The Harmonists were a sextet of singers from Germany, formed in 1928 with an ear cocked toward American music. These were no beer hall rover boys decked out in lederhosen, with mugs a-jostling airward. They were top-notch, tuxedo-clad singers who really had a feel for American jazz and the songs of Irving Berlin and Cole Porter, albeit with a distinct European precision that really leaves its own fingerprint. Their fame spread across pre-Nazi Germany and Europe in the early '30s while their complex harmonies took the style of America's Revelers, Ink Spots, and Mills Brothers and set it off in a framework all their own. It's like that crazy music you hear in old Betty Boop cartoons, only sung in German. To hear these guys tackle pieces like "The Last Roundup" (aka "Get Along Little Dogies") or "You're Driving Me Crazy" in their native tongue is some of the most surreal music you'll ever be exposed to -- guaranteed. Their versions of Cole Porter's "Night and Day" and "Tea for Two" escape the native tongue treatment, although their clipped English translations still adhere to the group's thoroughly Euro approach to all things swinging and American.

But this is no mere novelty tunes collection. There's real blood and guts soul to this stuff, and their human-voices-as jazz-instruments approach to Duke Ellington's "Creole Love Call" makes them the equal of any American counterpart you'd care to throw on the turntable from the same time frame. Yet again, the way their voices constantly trill on certain notes makes them Euro to the bone, making this one of the most original musical amalgams you'll ever run across. Hitler's regime blacklisted the Harmonists and things were never the same after that, scattering the group into two different factions in two different countries, as three of its members were Jewish.

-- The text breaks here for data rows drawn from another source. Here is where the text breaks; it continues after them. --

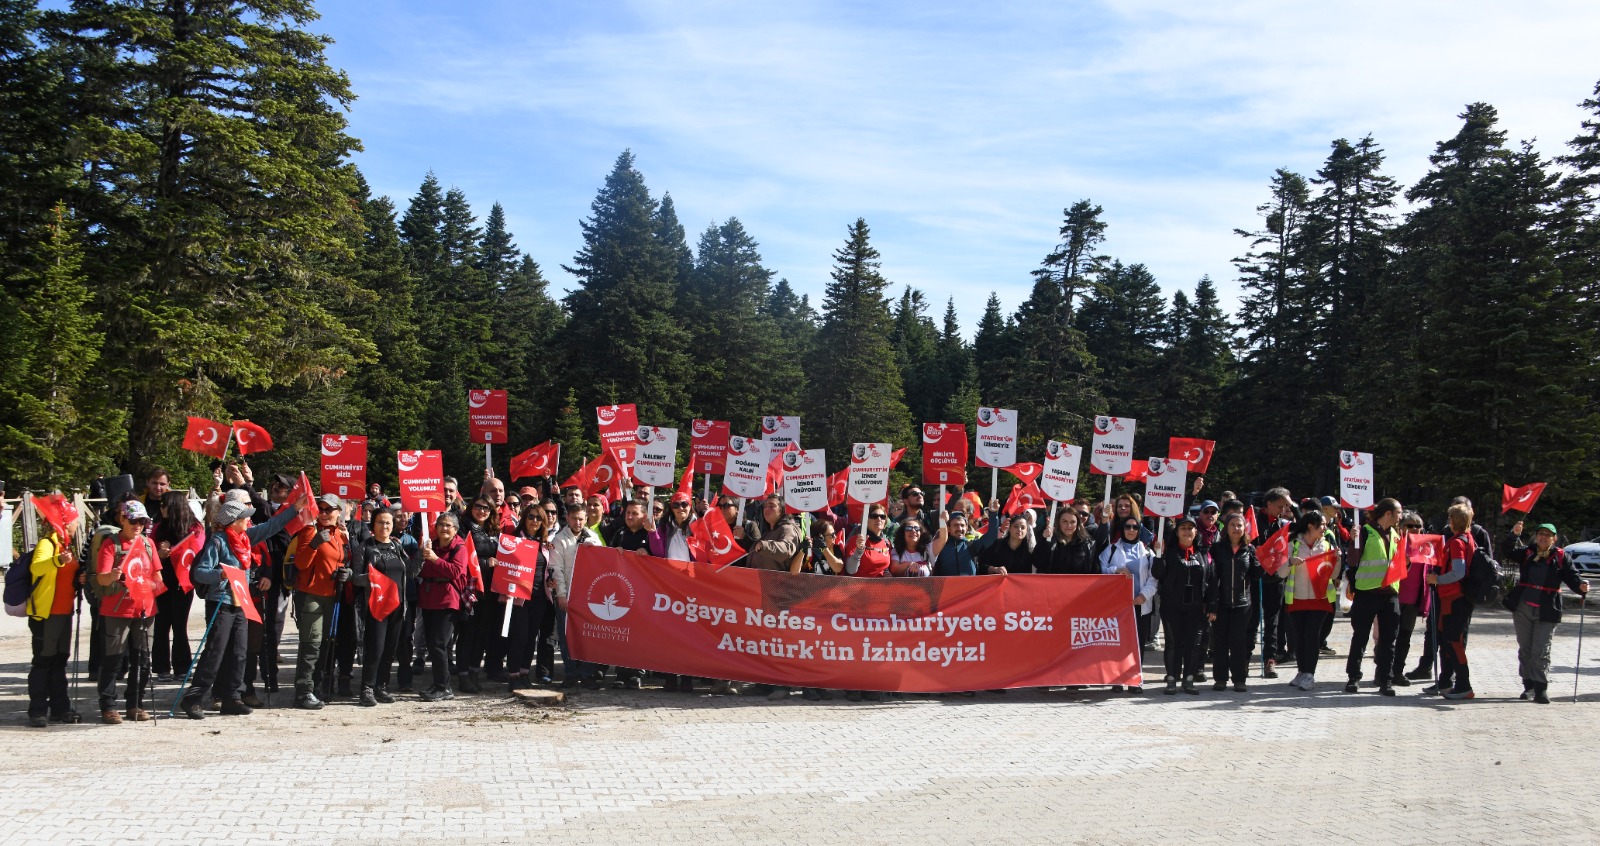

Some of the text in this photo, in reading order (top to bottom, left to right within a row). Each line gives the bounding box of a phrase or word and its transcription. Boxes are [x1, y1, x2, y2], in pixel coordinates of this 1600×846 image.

[652, 592, 1054, 638] Doğaya Nefes, Cumhuriyete Söz:
[1071, 617, 1118, 630] ERKAN
[1073, 629, 1118, 644] AYDIN
[717, 632, 986, 667] Atatürk'ün İzindeyiz!
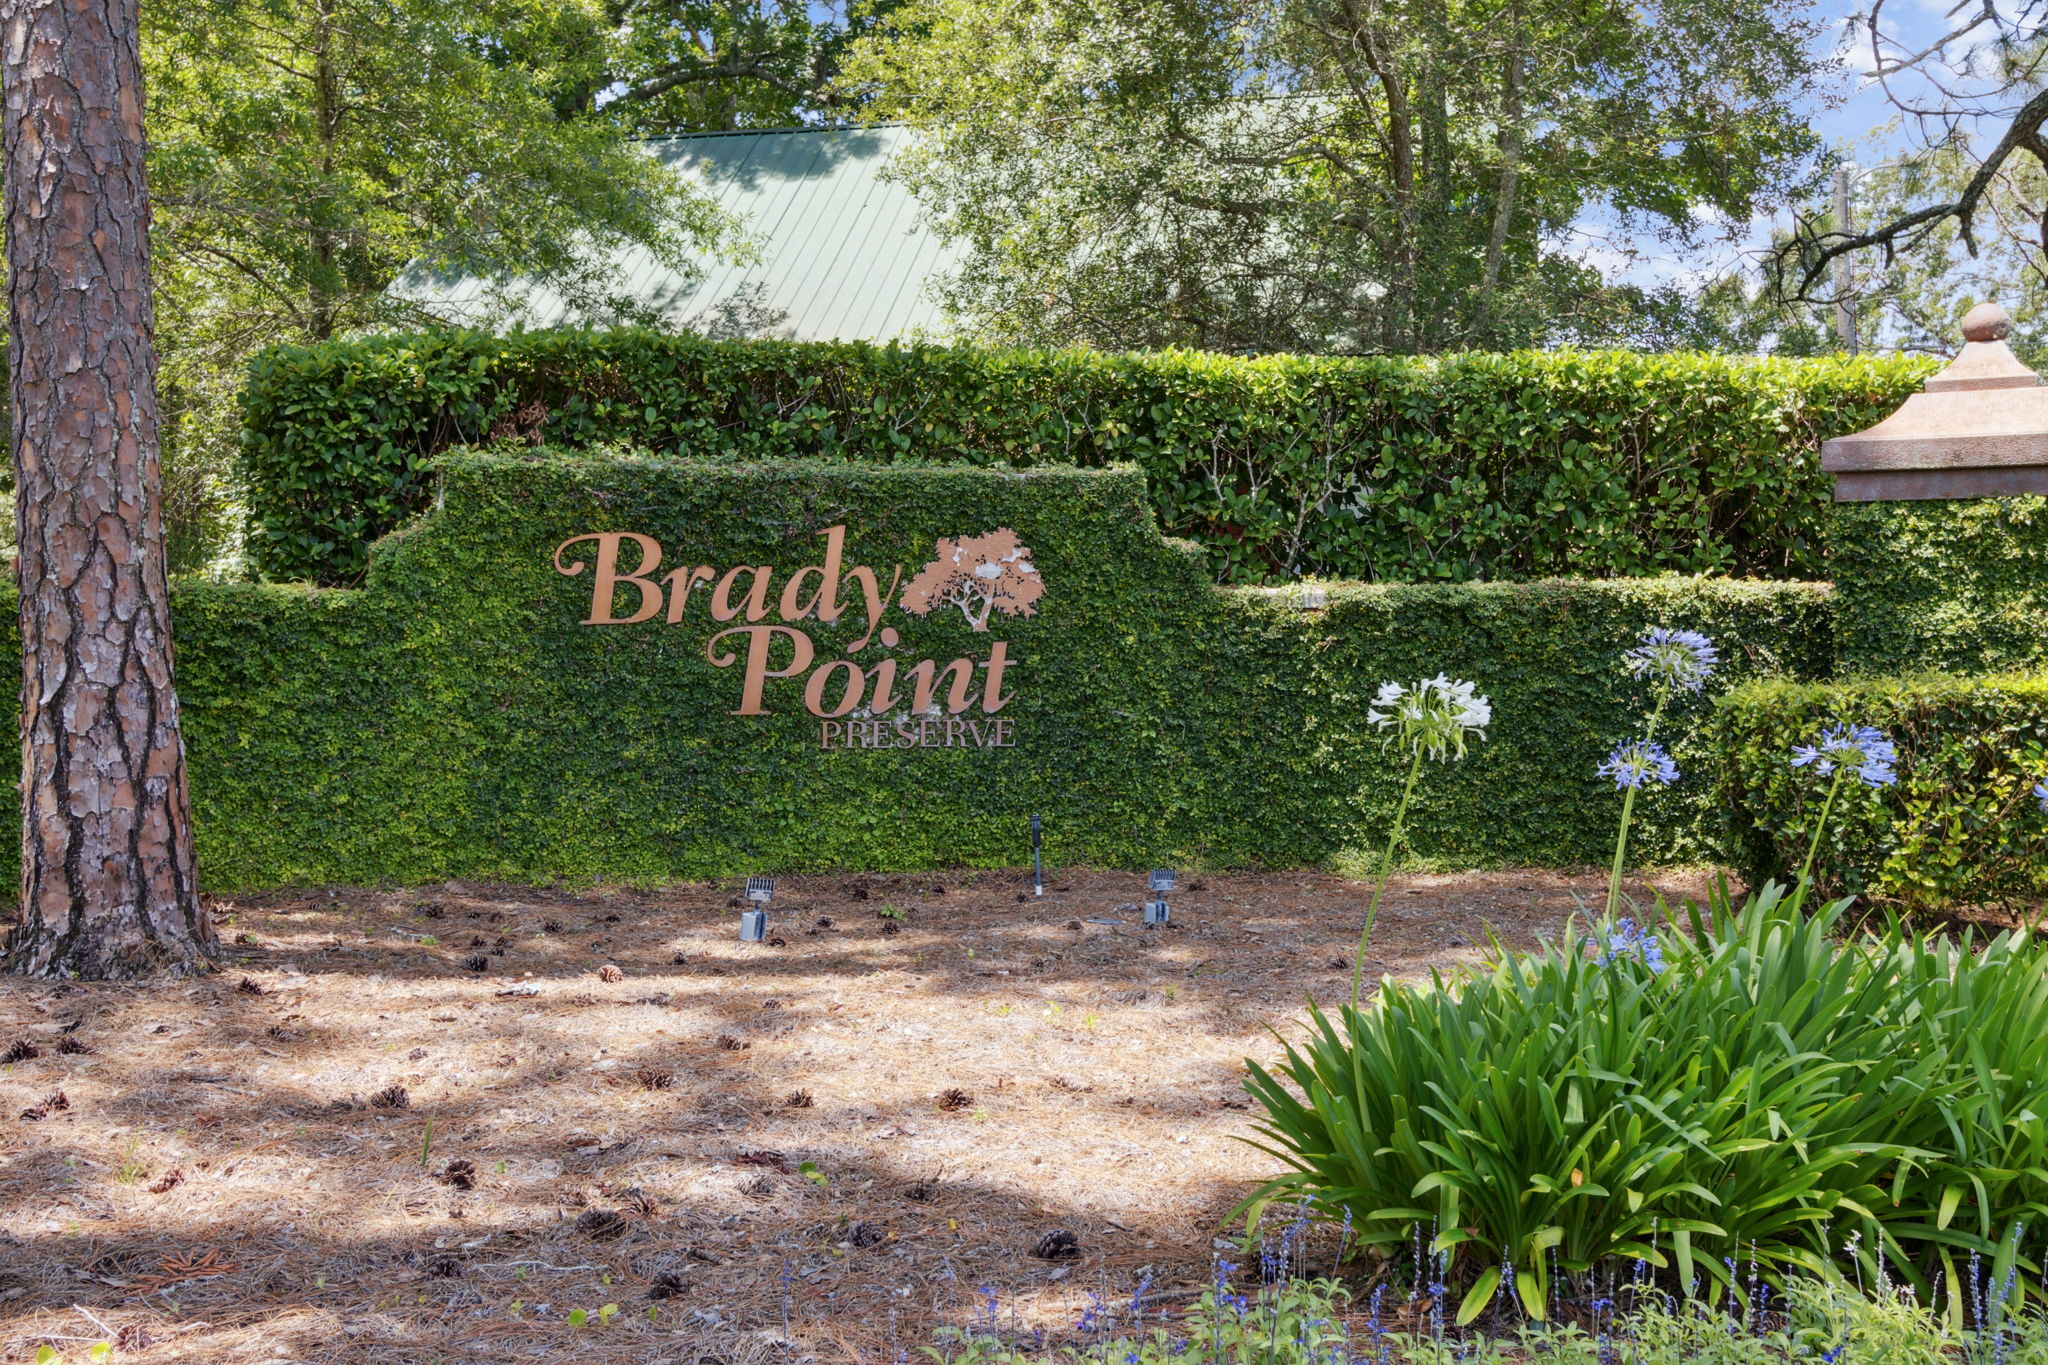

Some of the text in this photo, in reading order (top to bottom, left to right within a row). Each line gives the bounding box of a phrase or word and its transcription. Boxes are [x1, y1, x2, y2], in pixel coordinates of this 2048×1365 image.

[554, 525, 900, 654] Brady
[707, 625, 1018, 718] Point
[821, 719, 1016, 750] PRESERVE

For years, their original 78s passed among a small cult of followers, until the first vinyl release compilation was issued in Europe in the '70s. Hannibal had been planning an American reissue since 1980, but legal tie-ups blocked that release until now. Planned for that original release were liner notes by legendary rock critic Lester Bangs. They are sadly missing here, but were printed in full in the New York Times on Sept. 5, 1999, a must-read for fans who like their rock journalism wild and wooly.

Listeners weaned on hip-hop, dance music, and modern pop will be excused for passing on The Comedian Harmonists; it's too quaint and old-fashioned for folks raised on manufactured music spit out by computers. But those with bigger ears will find something here that's unique and wonderful, hilarious and pleasurable. If you love American roots music but are burned out from a steady diet of Stevie Ray Vaughan-abees, lame retro bands, and phony jump blues combos, here's a group you can champion and be safe in the knowledge that nobody is gonna come along and try to clone this for mass consumption.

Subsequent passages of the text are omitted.